India’s GDP growth for FY25 pegged at 6.4% amidst signs of recovery

Agriculture, construction, and private consumption drive economic momentum despite initial slowdown

January 7, 2025

Improved agricultural output and industrial activity, alongside resilient rural demand, are expected to drive growth in the second half of FY25

Real GVA in agriculture is projected to rise to 3.8% in FY25 from 1.4% in FY24, reflecting a recovery in the sector

The construction sector is forecasted to grow by 8.6%, while the financial and professional services sector will likely expand by 7.3%

Private consumption growth surged to 7.3% in FY25, underlining stronger consumer confidence and economic recovery

The Ministry of Statistics has maintained India’s GDP growth estimate for FY25 at 6.4%, a marked reduction from the robust 8.2% growth achieved in FY24. This projection highlights a cautious yet optimistic outlook for the country, underpinned by expectations of improved agricultural and industrial activity in the latter half of the year.

Real GDP for FY25 is forecasted to grow by 6.4%, with nominal GDP growth pegged at 9.7%. The ministry cited resilient rural demand and a recovery in key sectors as critical drivers for achieving a 6.4–6.8% expansion by March 2025.

The agriculture and allied sector has emerged as a significant contributor, with real GVA growth projected to reach 3.8% in FY25 compared to 1.4% in FY24. Meanwhile, the construction sector is anticipated to grow by 8.6%, buoyed by increased infrastructure development. Similarly, the financial, real estate, and professional services sector is expected to expand by 7.3%, underscoring strong performances in business and real estate activities.

Private consumption has seen a significant boost, with Private Final Consumption Expenditure (PFCE) growing by 7.3% in FY25, up from 4% in the previous fiscal year. This uptick reflects improving consumer confidence and spending power, a vital component of domestic demand recovery. Government spending has also rebounded, with Government Final Consumption Expenditure (GFCE) rising by 4.1% compared to 2.5% in FY24.

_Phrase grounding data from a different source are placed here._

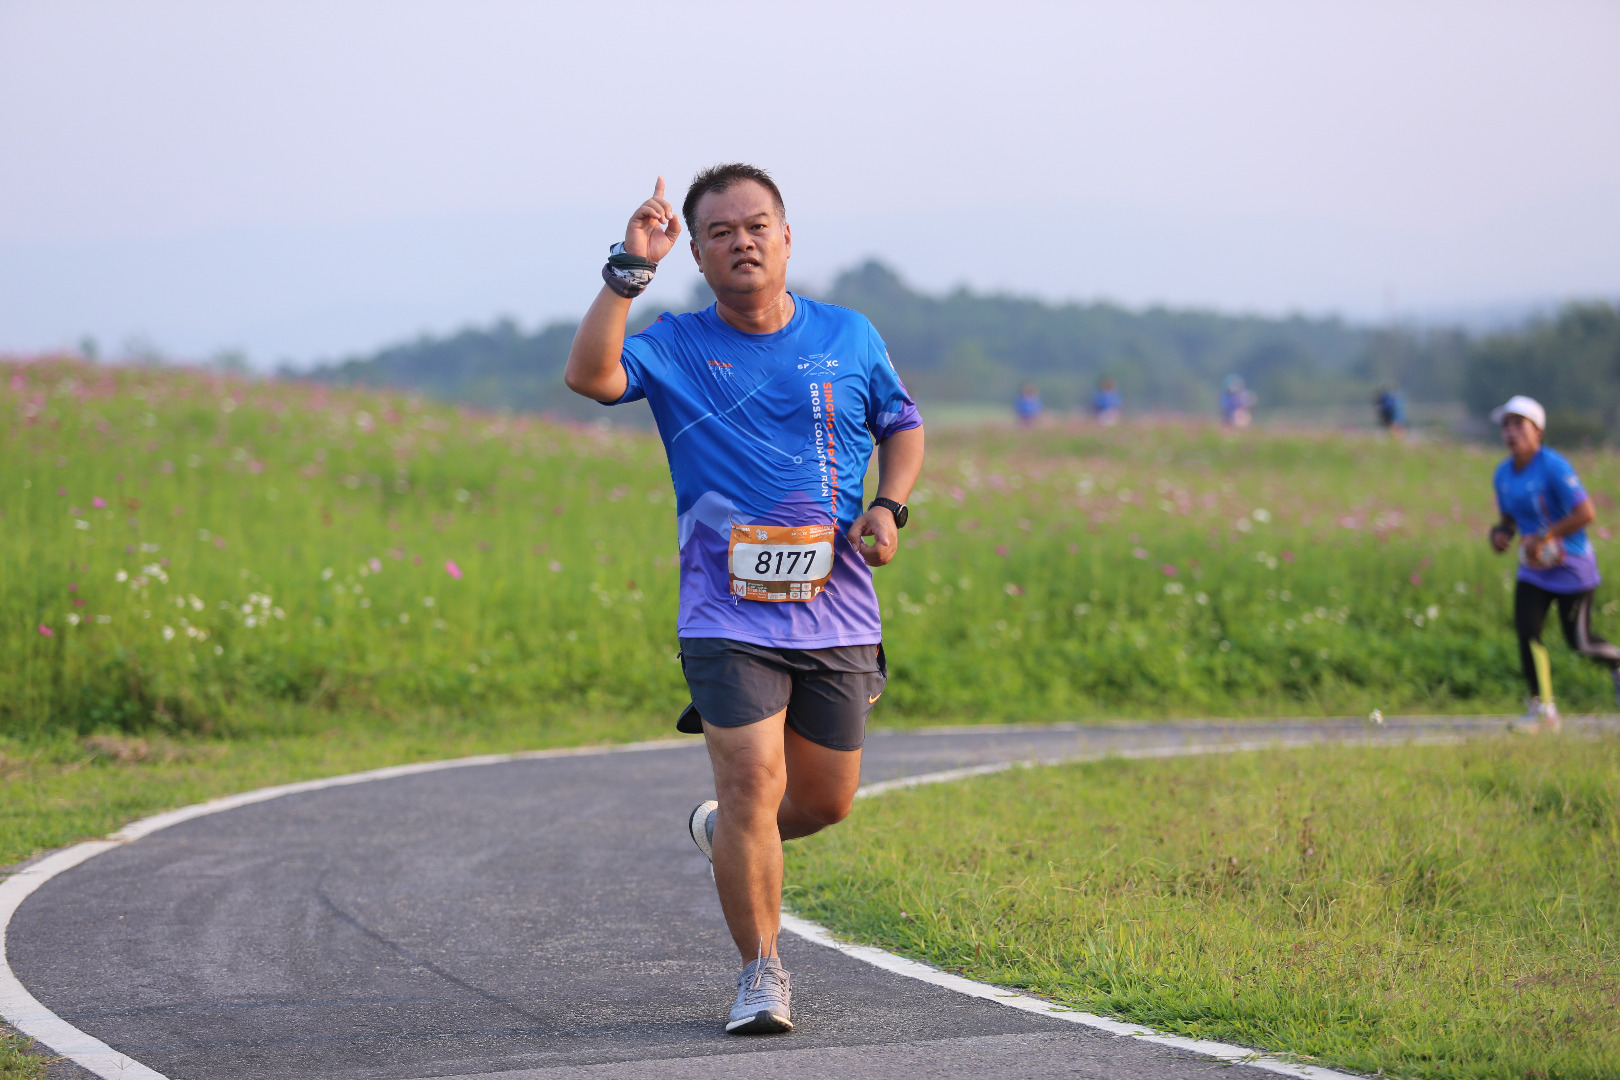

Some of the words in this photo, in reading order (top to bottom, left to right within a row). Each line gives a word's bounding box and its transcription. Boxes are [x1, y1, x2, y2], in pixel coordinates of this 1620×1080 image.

[826, 360, 839, 368] XC
[810, 383, 822, 419] CROSS
[823, 382, 835, 430] SINGHA
[815, 422, 827, 473] COUNTRY
[821, 475, 829, 497] RUN
[755, 550, 817, 575] 8177
[735, 584, 744, 595] M
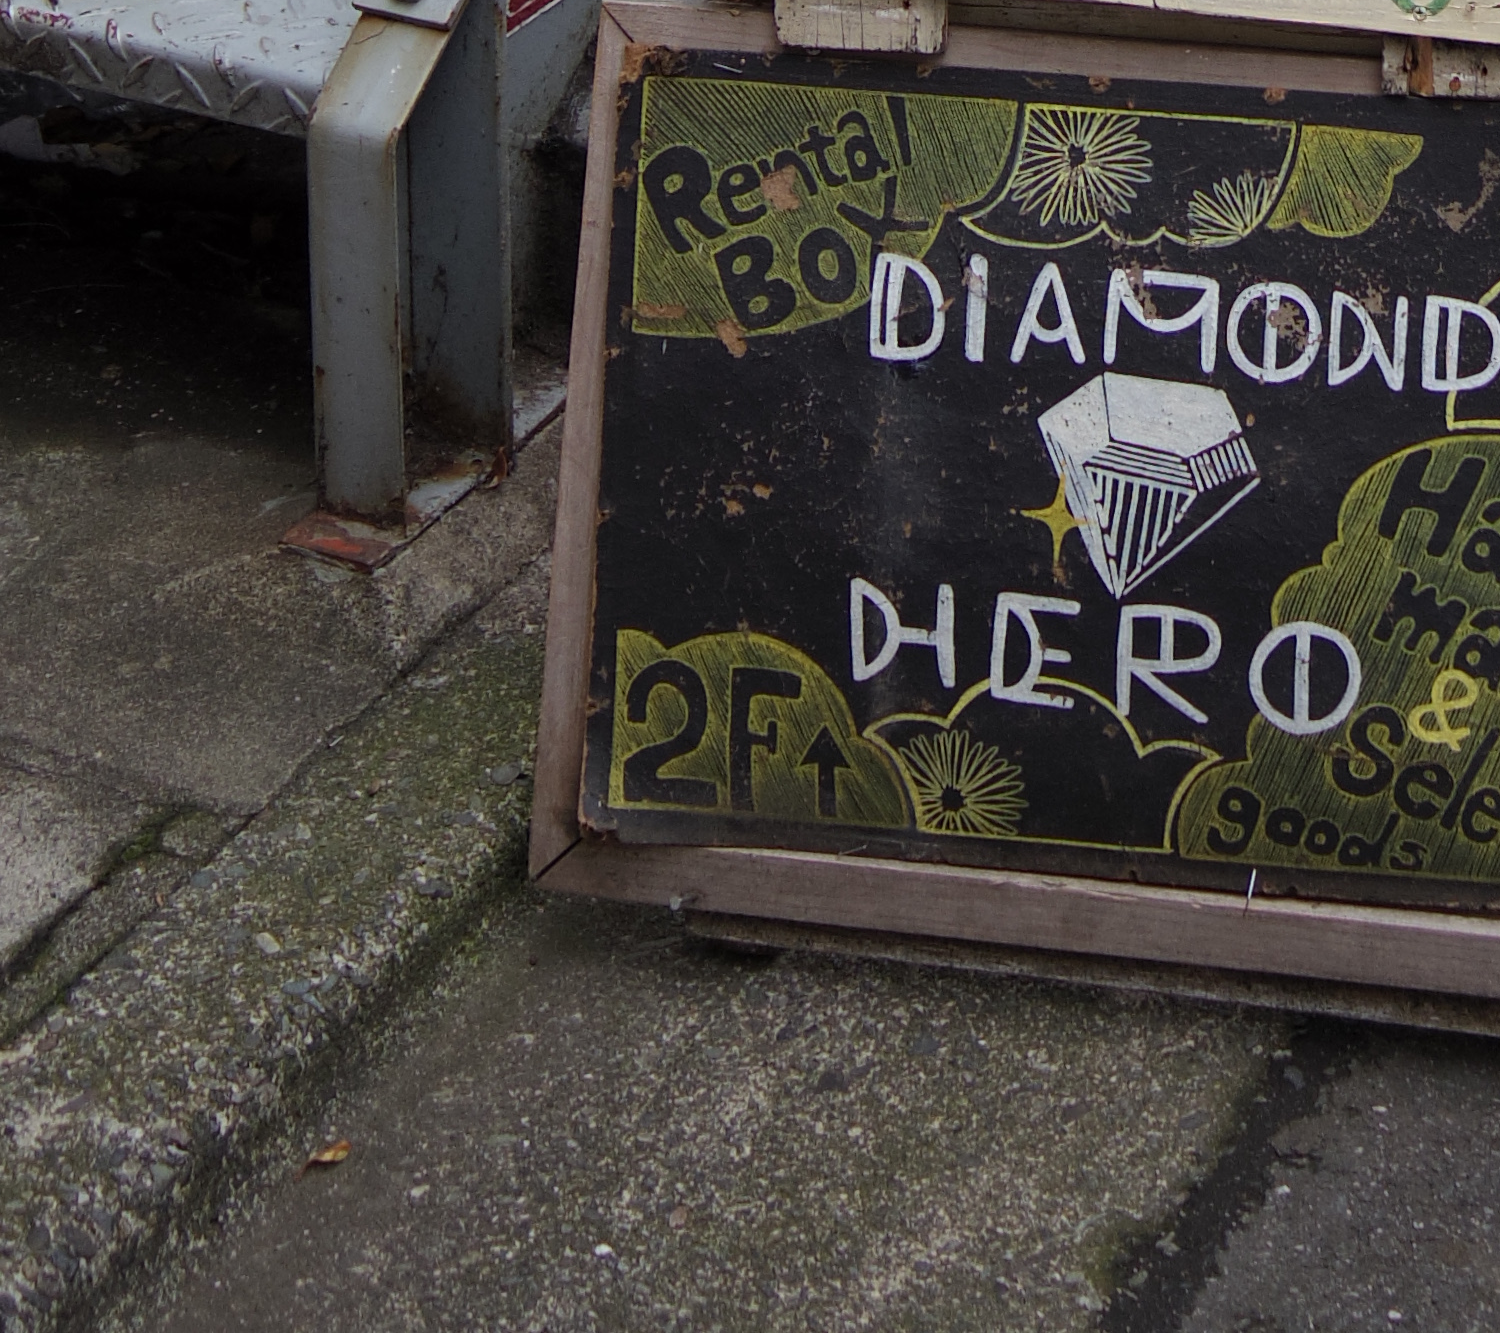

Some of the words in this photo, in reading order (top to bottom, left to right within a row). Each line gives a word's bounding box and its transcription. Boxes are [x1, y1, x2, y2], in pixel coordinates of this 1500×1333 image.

[642, 95, 911, 255] Rental
[620, 656, 803, 813] 2F
[1406, 667, 1482, 754] &
[1206, 783, 1428, 874] goods

Despite these positive indicators, the Reserve Bank of India (RBI) recently revised its FY25 GDP projection downward to 6.6% from an earlier estimate of 7.2%. This adjustment came after India’s GDP growth in Q2 FY25 fell to a seven-quarter low of 5.4%, driven by slower growth in preceding quarters and persistent inflation, which reached 5.8% in November 2024—above the central bank’s target of 4%.

The RBI, however, remains optimistic about the second half of FY25, attributing potential recovery to rural consumption, government expenditure, strong services exports, and sustained investment. Projections for Q3 and Q4 stand at 6.8% and 7.2%, respectively, indicating an expected resurgence.

This announcement comes just weeks ahead of the Union Budget for FY26, with economic stakeholders closely monitoring fiscal measures to support sustained growth amidst global uncertainties. The government’s efforts to enhance infrastructure and strong private sector participation are expected to stabilise the growth trajectory further.